Bokeh is how the out-of-focus parts of an image look. In the past, lens designers focused only on making the in-focus image sharp. So, the blurry parts of the image could look different with different lenses. These differences can affect how good an image looks overall.

There's no exact definition of bokeh, as it's a matter of taste. But symmetrical lens designs often produce pleasing bokeh. Mirror lenses create a unique "donut" shaped bokeh because of their central mirror.

Bokeh examples
Taken with the Venus Optics Laowa 105mm f/2 STF, a lens designed to create smooth bokeh.
Taken with the Nikon Reflex-Nikkor 500mm f/8, showing the unique out-of-focus specular "donut" highlights typical of a catadioptric lens.
Bokeh refers to the subjective quality of the out-of-focus areas in the photograph.

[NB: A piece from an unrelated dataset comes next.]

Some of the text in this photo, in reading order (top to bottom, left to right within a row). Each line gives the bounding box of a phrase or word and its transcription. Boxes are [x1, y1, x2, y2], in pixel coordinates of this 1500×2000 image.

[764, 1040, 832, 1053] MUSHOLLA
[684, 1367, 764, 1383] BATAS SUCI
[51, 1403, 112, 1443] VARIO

In the 1970s, with more powerful computers, Japanese lens makers started studying bokeh. The Minolta Varisoft Rokkor-X 85mm f/2.8 (1978) was an early result. It used floating elements to let the photographer control how blurry highlights looked.

Today, bokeh is a normal design goal for high-quality lenses. However, for small-sensor cameras like smartphones, bokeh is less important. Their lenses have a very large depth-of-field, so almost nothing is out of focus.

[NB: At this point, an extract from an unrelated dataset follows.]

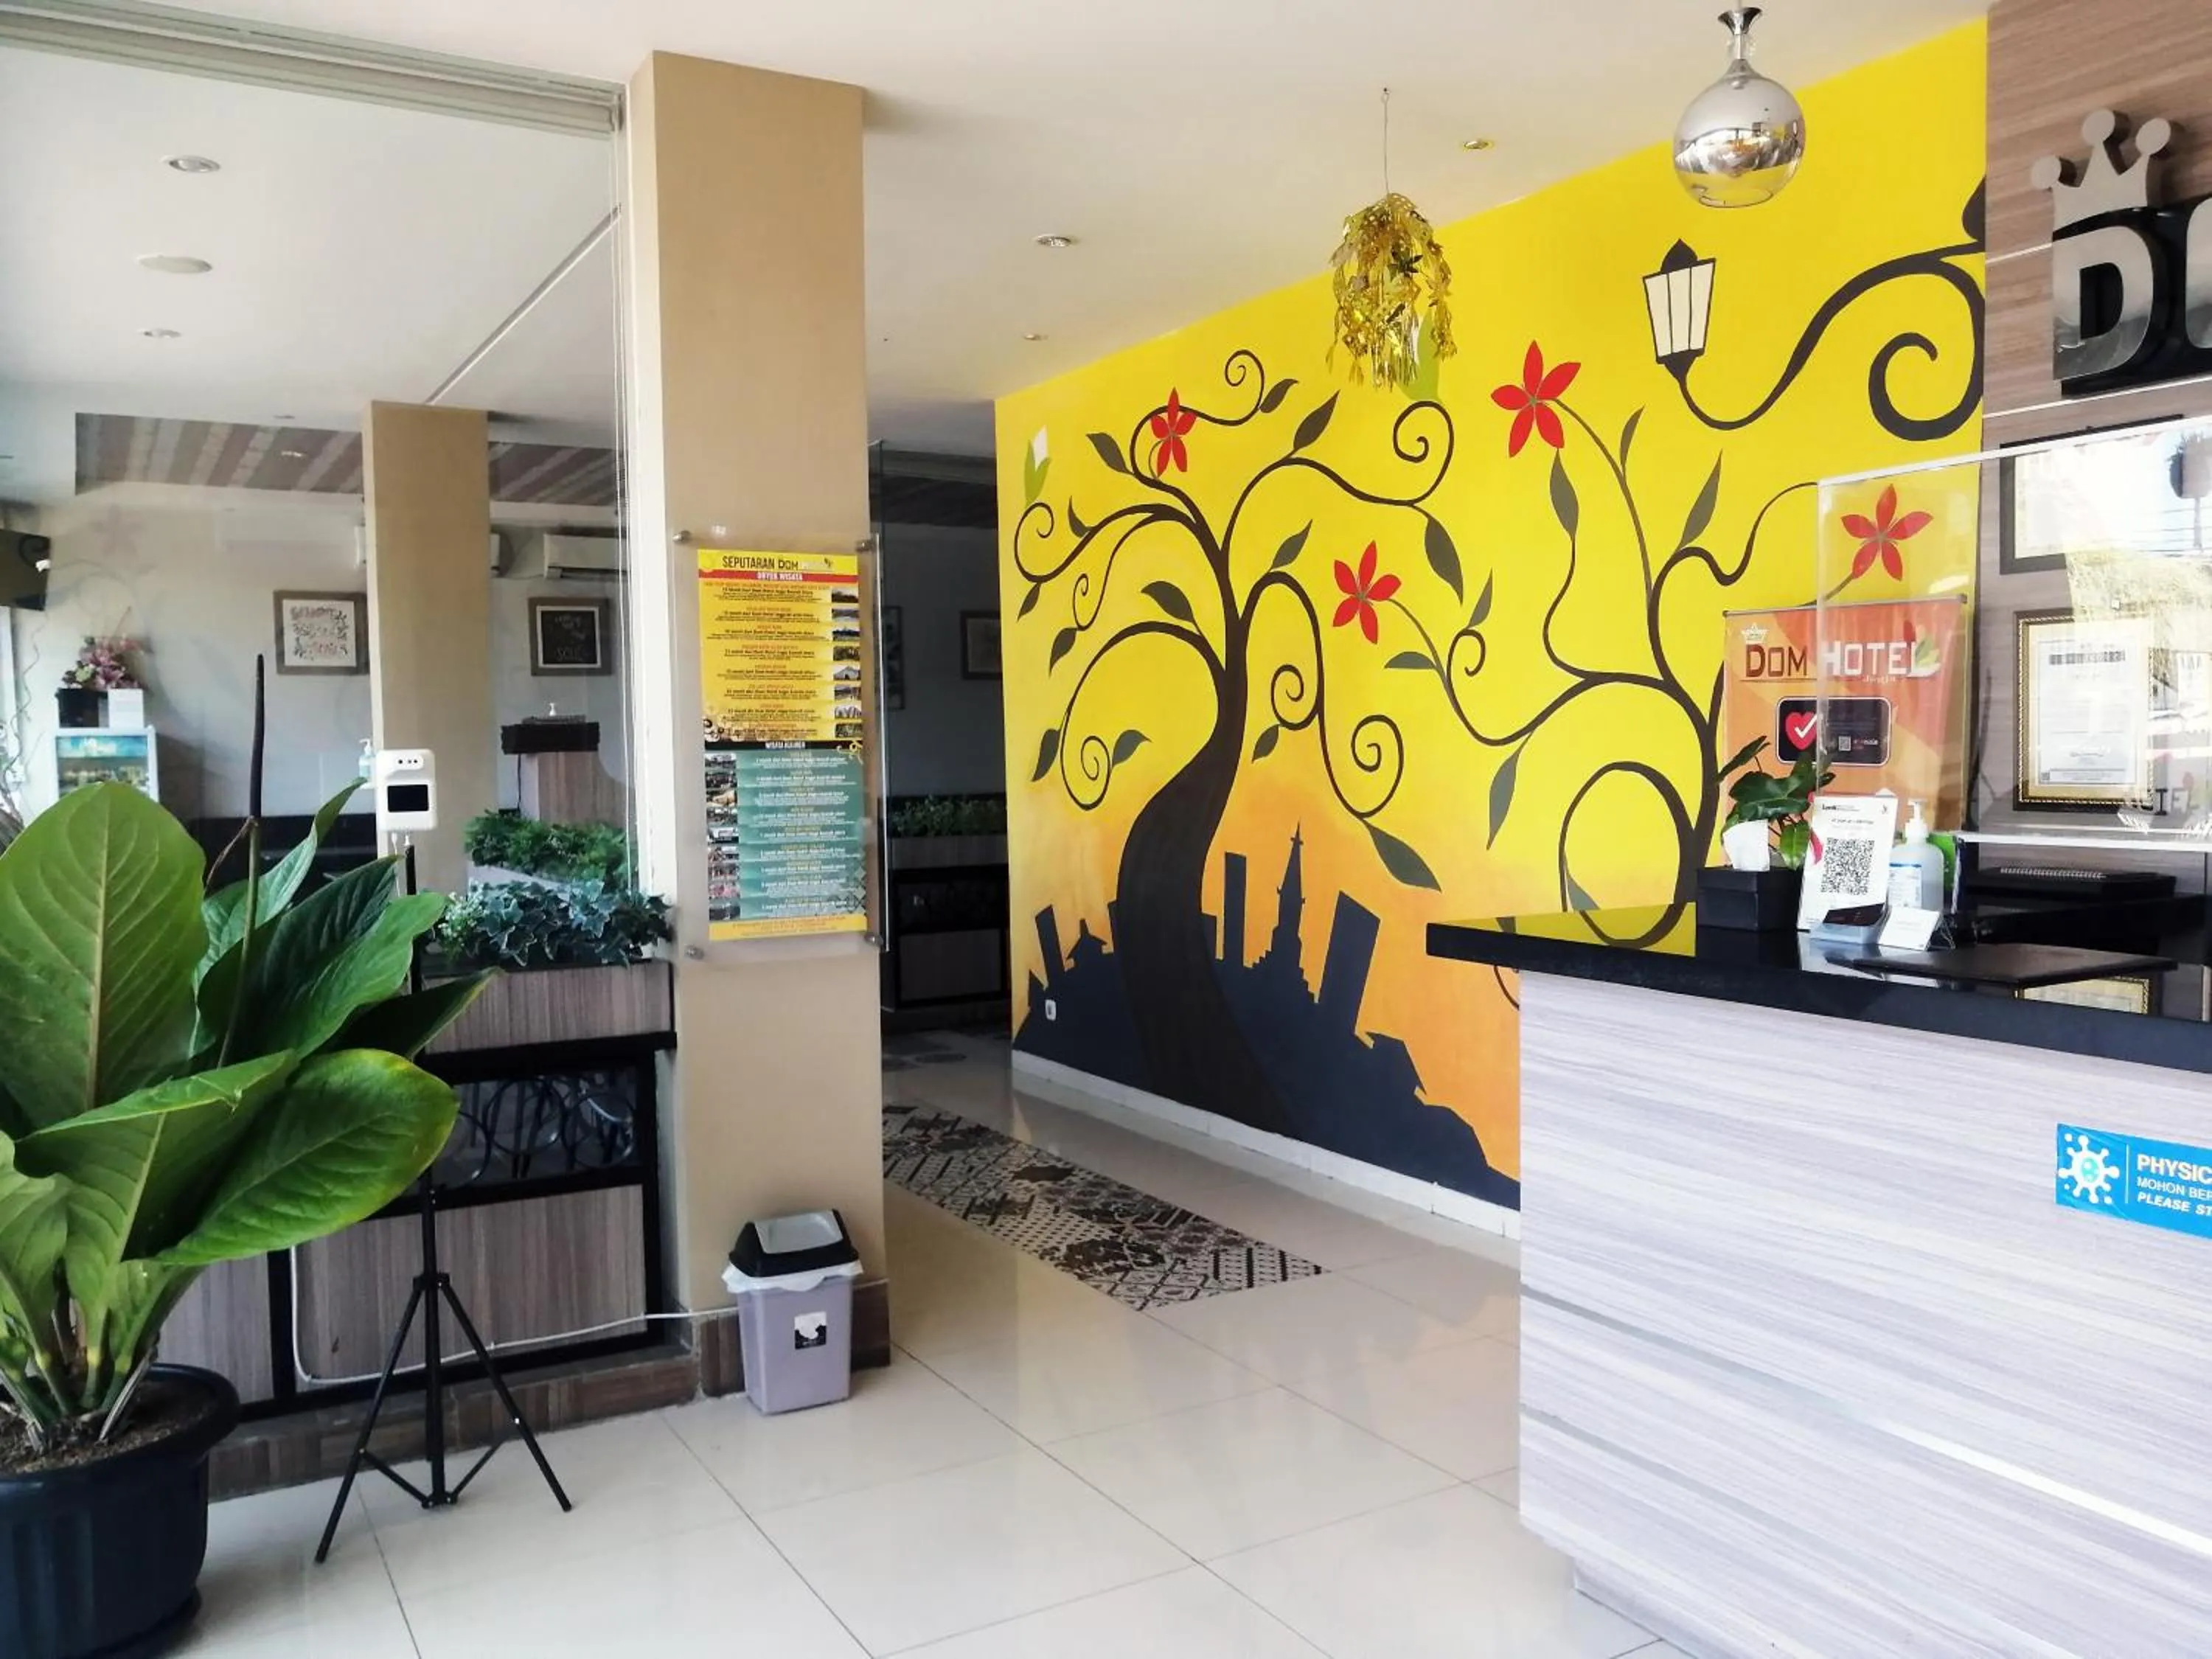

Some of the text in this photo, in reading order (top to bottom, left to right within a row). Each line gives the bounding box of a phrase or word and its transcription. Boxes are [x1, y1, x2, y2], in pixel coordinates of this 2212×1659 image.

Improving Quality Standards

Lenses have gotten better over time. On average, modern lenses are sharper than older ones.

Image sensor sizes have been shrinking, but print sizes have stayed similar. Newer lenses have higher resolving power to keep print quality high, even with more enlargement. For example, if you want a sharp A4 print viewed from 30cm, a 35mm film lens needs to resolve at least 40 lines per millimeter.

Optical engineers constantly use more exact lens formulas. In the 1800s, they calculated for "third-order aberrations." By the mid-1900s, they needed "fifth-order aberrations." Today's lenses require "seventh-order aberration" solutions.

The best lenses from the past were very high quality. It might be hard to prove that today's best lenses are superior without comparing very large prints side-by-side.